Any roll back is a set back.

------
leeoniya
if you're an automaker, why risk not following cleaner standards even if not
legally obligated? the probability of the next administration enforcing
stricter standards is very high, so might as well get a head start rather than
save a few $ today and be left unable to compete 4 years from now due to R&D +
mfg stagnation.

who actually sees a long term trend towards greater inefficiencies?

------
myrandomcomment
Trump will be gone in 3 years, 7 at the longest.

Two paths...

It is highly likely the next administration will be more forward thinking and
science minded then the dark ages thinking of the current one. When that
happens and they clamp down on this again with much less of a time window it
will leave the industry that cheered Trump on dead. Oh well.

It is likely that California can keep this in court forever so no matter what
the “rules” are nationally with 12 of the most populous states siding withCA
it will not matter.

------
vikeri
While policy will always be more important than individual contributions, for
people wondering what they can do to address their personal carbon footprint
without having a negative impact on their life:
[https://www.goclimateneutral.org](https://www.goclimateneutral.org)
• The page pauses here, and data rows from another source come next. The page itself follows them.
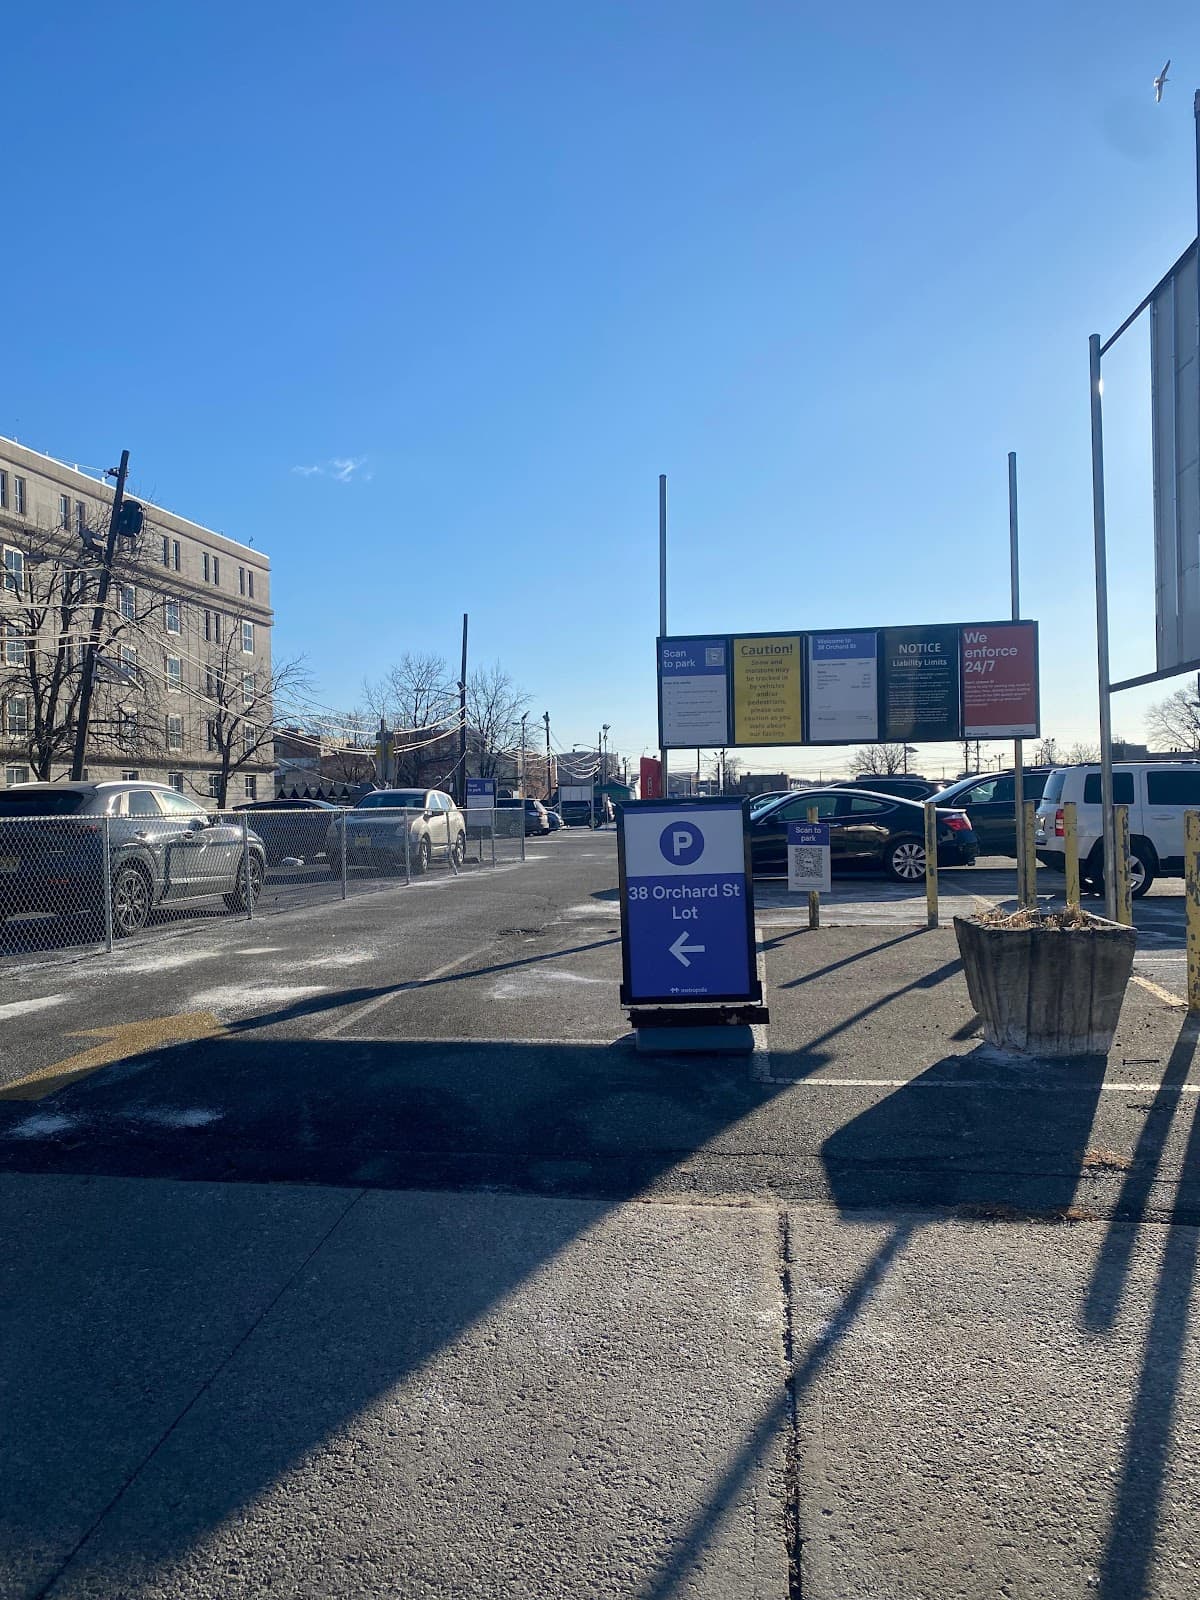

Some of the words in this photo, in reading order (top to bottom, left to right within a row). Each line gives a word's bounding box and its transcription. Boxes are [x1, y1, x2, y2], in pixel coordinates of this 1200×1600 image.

[964, 631, 988, 644] We
[663, 649, 687, 658] Scan
[741, 643, 793, 656] Caution!
[898, 642, 941, 654] NOTICE
[964, 646, 1018, 658] enforce
[663, 660, 674, 668] to
[675, 659, 696, 670] park
[892, 658, 923, 668] Liability
[924, 657, 948, 666] Limits
[965, 659, 995, 675] 24/7
[795, 826, 813, 834] Scan
[814, 826, 821, 834] to
[672, 831, 693, 857] P
[801, 834, 817, 844] park
[628, 886, 649, 900] 38
[653, 883, 718, 900] Orchard
[722, 882, 741, 897] St
[672, 905, 699, 920] Lot
Btw, I'm not affiliated with them in any way. Just think it's a great service.

------
landryraccoon
Fuel efficiency is a national security issue. Reduced dependence on oil means
less involvement in the middle east and less vulnerability to energy sources
controlled by foreign nations that may be adversaries (Russia in particular is
a huge oil exporter). I am somewhat surprised that those who claim to be
conservative would take up the mantle of increasing dependence on oil.
Renewable resources based in the US are better for the long term security of
the nation.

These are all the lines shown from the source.